Yesterday Reason Magazine posted an analysis of the proposed bill. We all remember the Republicans promising the voters that if we would give them the House, they would repeal ObamaCare. Then they promised the voters that if we gave them the Senate, they would repeal ObamaCare. Then they promised the voters that if we gave them the White House, they would repeal ObamaCare. Now they are trying to sell us a bill that does not repeal ObamaCare. The bill continues the bad policies that have caused so many insurance companies to opt out of ObamaCare. The bill continues the bad policies that have caused health insurance premiums to rise sharply and government expenditures on ObamaCare to skyrocket. This bill will ensure that a large number of Republican Congressmen running for office in 2018 will be voted out of office. The bill should be called the ‘give Congress back to the Democrats’ act.

The article at Reason Magazine explains:

In other words, it is exactly what critics predicted: a bill that, at least in the near term, retains weakened versions of nearly all of Obamacare’s core features while fixing few if any of the problems that Republicans say they want to fix. It is Obamacare lite—the health law that Republicans claim to oppose, but less of it. It represents a total failure of Republican policy imagination.

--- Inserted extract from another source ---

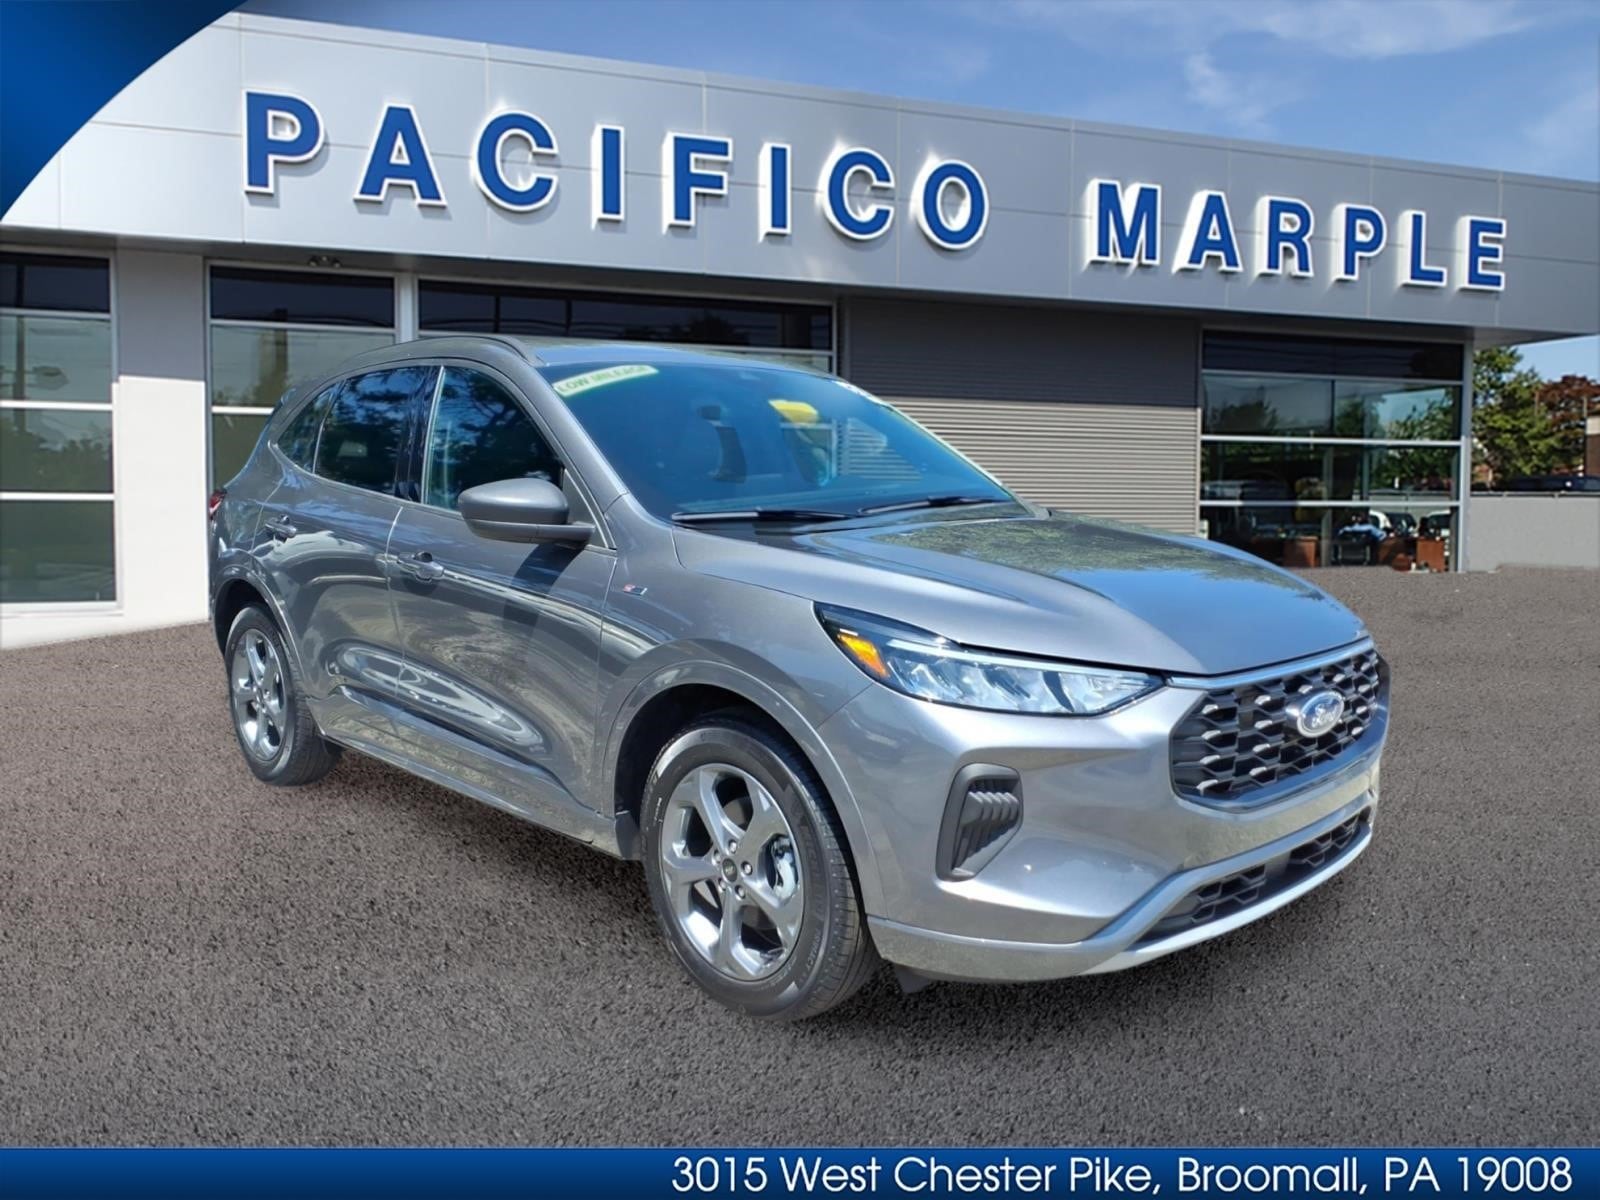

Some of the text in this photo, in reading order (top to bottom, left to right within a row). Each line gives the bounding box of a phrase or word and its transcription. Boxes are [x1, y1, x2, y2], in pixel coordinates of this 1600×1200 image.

[244, 89, 1506, 291] PACIFICO MARPLE
[557, 376, 590, 393] LOW

To understand the Senate plan, it helps to recall Obamacare’s underlying framework. The centerpiece of the law was a reform of the individual market, intended to give those who do not get coverage through work or a federal program access to subsidized, regulated coverage. The law created a new federal subsidy, based on income, for lower- and middle-income households to purchase health insurance. It set up federal rules requiring insurers to sell to all comers while limiting their ability to charge based on health history. It mandated that all individuals obtain health coverage or pay a tax penalty. And it erected a system of government-run health insurance exchanges on which consumers could purchase subsidized, regulated individual market coverage.

Those exchanges have never been fully stable as either business or policy propositions. Premiums have marched steadily upwards; last year, the price of a typical plan rose by 22 percent, and early reports show large spikes coming this year as well. The non-profit health insurance organizations that Obamacare funded have mostly shut down. Large, for-profit health insurers, meanwhile, have lost money and either scaled back their participation or dropped out entirely.

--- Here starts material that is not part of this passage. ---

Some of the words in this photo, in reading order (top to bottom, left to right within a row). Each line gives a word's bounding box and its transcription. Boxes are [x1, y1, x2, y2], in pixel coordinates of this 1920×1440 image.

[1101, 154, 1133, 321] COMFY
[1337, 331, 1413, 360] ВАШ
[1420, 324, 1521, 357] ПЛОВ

Republicans have repeatedly criticized these marketplaces for being expensive and unstable. As Senate Majority Leader Mitch McConnell, who spearheaded the drafting of this bill, likes to say, “Obamacare is collapsing around us.”

Yet even more than the House plan, the Senate plan retains the essential structure of Obamacare’s individual market reforms. It would likely result in fewer people being covered, and it would not stop the destabilization of the market.

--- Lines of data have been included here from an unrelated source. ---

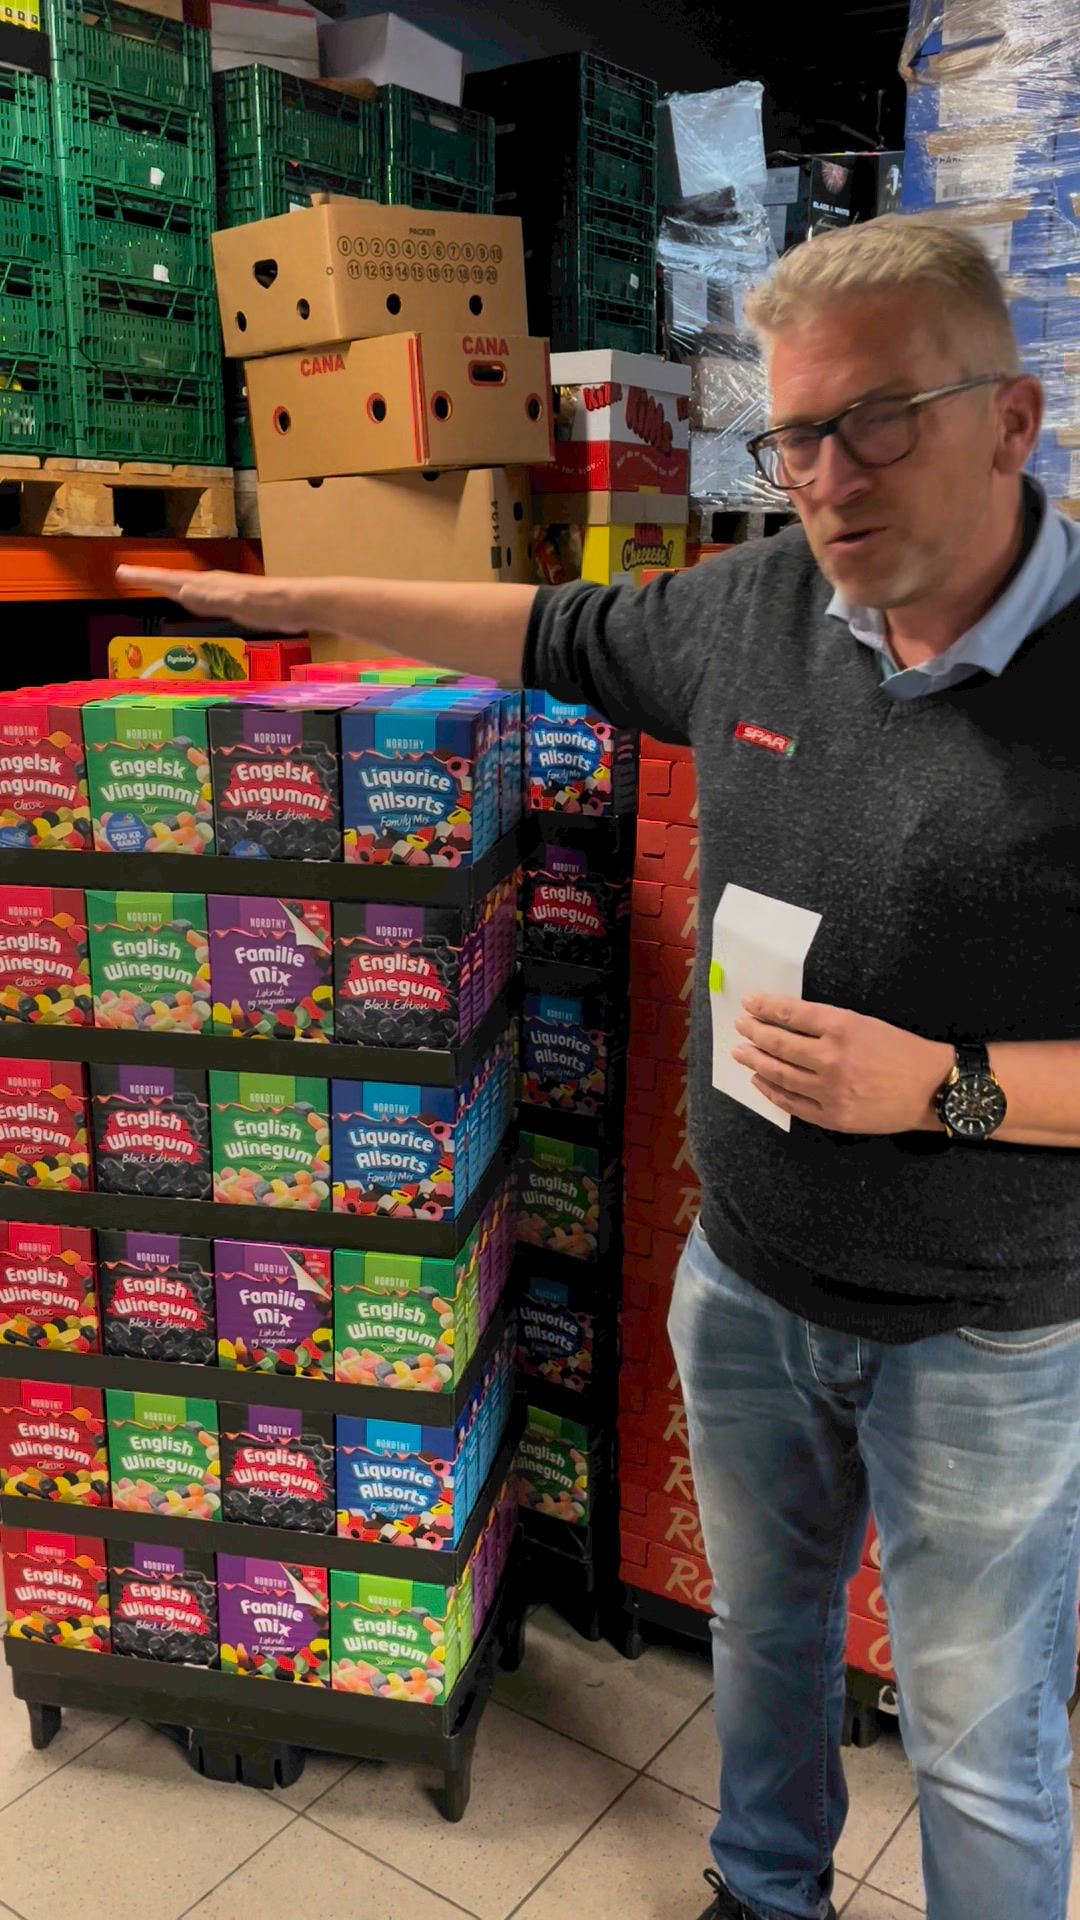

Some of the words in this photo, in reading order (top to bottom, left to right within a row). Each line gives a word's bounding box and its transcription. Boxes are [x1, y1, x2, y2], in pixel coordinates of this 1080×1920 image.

[409, 227, 436, 236] PACKER
[461, 335, 510, 356] CANA
[300, 353, 346, 377] CANA
[534, 730, 597, 751] Liquorice
[743, 727, 787, 750] SPAR
[0, 753, 62, 776] ngelsk
[110, 757, 187, 781] Engelsk
[236, 761, 315, 784] Engelsk
[539, 751, 592, 771] Allsorts
[0, 778, 77, 801] ngummi
[361, 768, 451, 792] Liquorice
[14, 798, 45, 811] Classic
[100, 782, 200, 806] Vingummi
[226, 787, 329, 812] Vingummi
[368, 791, 445, 815] Allsorts
[141, 803, 158, 815] Sur
[246, 810, 273, 821] Black
[275, 808, 311, 821] Edition
[380, 815, 411, 831] Family
[413, 815, 430, 825] Mix
[111, 832, 127, 841] 500
[540, 886, 592, 907] English
[532, 905, 600, 929] Winegum
[112, 938, 182, 960] English
[234, 945, 305, 967] Familie
[103, 961, 193, 985] Winegum
[250, 966, 292, 987] Mix
[358, 953, 431, 977] English
[16, 976, 46, 987] Classic
[138, 982, 158, 993] Sour
[347, 976, 442, 1002] Winegum
[364, 998, 390, 1010] Black
[393, 998, 429, 1010] Edition
[530, 1030, 591, 1055] Liquorice
[535, 1050, 586, 1073] Allsorts
[115, 1110, 182, 1131] English
[234, 1120, 302, 1141] English
[0, 1123, 71, 1147] inegum
[106, 1132, 194, 1156] Winegum
[349, 1129, 434, 1153] Liquorice
[14, 1144, 45, 1155] Classic
[122, 1153, 147, 1163] Black
[149, 1152, 182, 1164] Edition
[224, 1141, 313, 1166] Winegum
[258, 1161, 278, 1172] Sour
[356, 1150, 427, 1173] Allsorts
[366, 1171, 396, 1187] Family
[397, 1172, 414, 1182] Mix
[529, 1173, 578, 1199] English
[521, 1191, 585, 1220] Winegum
[5, 1267, 69, 1288] English
[122, 1277, 187, 1299] English
[0, 1286, 80, 1311] Winegum
[114, 1298, 198, 1322] Winegum
[239, 1289, 306, 1311] Familie
[129, 1318, 153, 1329] Black
[154, 1318, 187, 1329] Edition
[253, 1308, 294, 1328] Mix
[357, 1302, 426, 1325] English
[520, 1306, 578, 1336] Liquorice
[347, 1323, 436, 1349] Winegum
[524, 1326, 574, 1352] Allsorts
[381, 1343, 401, 1354] Sour
[18, 1422, 80, 1443] English
[10, 1441, 90, 1466] Winegum
[130, 1436, 193, 1457] English
[519, 1440, 566, 1468] English
[121, 1455, 204, 1479] Winegum
[242, 1448, 308, 1469] English
[234, 1467, 320, 1493] Winegum
[353, 1462, 435, 1487] Liquorice
[249, 1487, 273, 1498] Black
[360, 1482, 427, 1506] Allsorts
[369, 1502, 398, 1518] Family
[22, 1567, 83, 1589] English
[15, 1587, 94, 1611] Winegum
[130, 1582, 191, 1604] English
[121, 1602, 202, 1627] Winegum
[240, 1600, 304, 1622] Familie
[253, 1617, 292, 1638] Mix
[352, 1617, 418, 1642] English
[342, 1637, 428, 1664] Winegum
[375, 1656, 395, 1667] Sour

There is a correct way for Congress to deal with healthcare reform–get the government out of it, and let the free market prevail. That would mean a true repeal of ObamaCare. Unfortunately we have reached a point where neither political party truly shares the interests of the American people. The first step in the process of fixing healthcare in America should be the full repeal of ObamaCare. It was a bad bill. The second step in this process should be to make sure that Congress is covered under whatever healthcare plan they pass. That might result in a better product. The third step would be to look at the tort reform that was successful in Texas and see if it could be applied on a national level. The fourth step would be to make health insurance something that could be purchased across state lines. These four simple steps would stop the damage currently being done by ObamaCare. There are other things that could be done–tax credits that help people pay health insurance premiums, health savings accounts, etc., but these could be added later. Right now we just need full repeal.

If the current ObamaCare Lite bill proposed is not significantly altered, it should not be passed. However, what is actually happening here is that the Democrats are moving ahead with their plan for total government healthcare (single payer), which is what will magically appear when ObamaCare collapses. It is time for the Republicans to repeal ObamaCare fully. Then they can worry about how to replace it. Right now, they are simply working hard to remove themselves from office.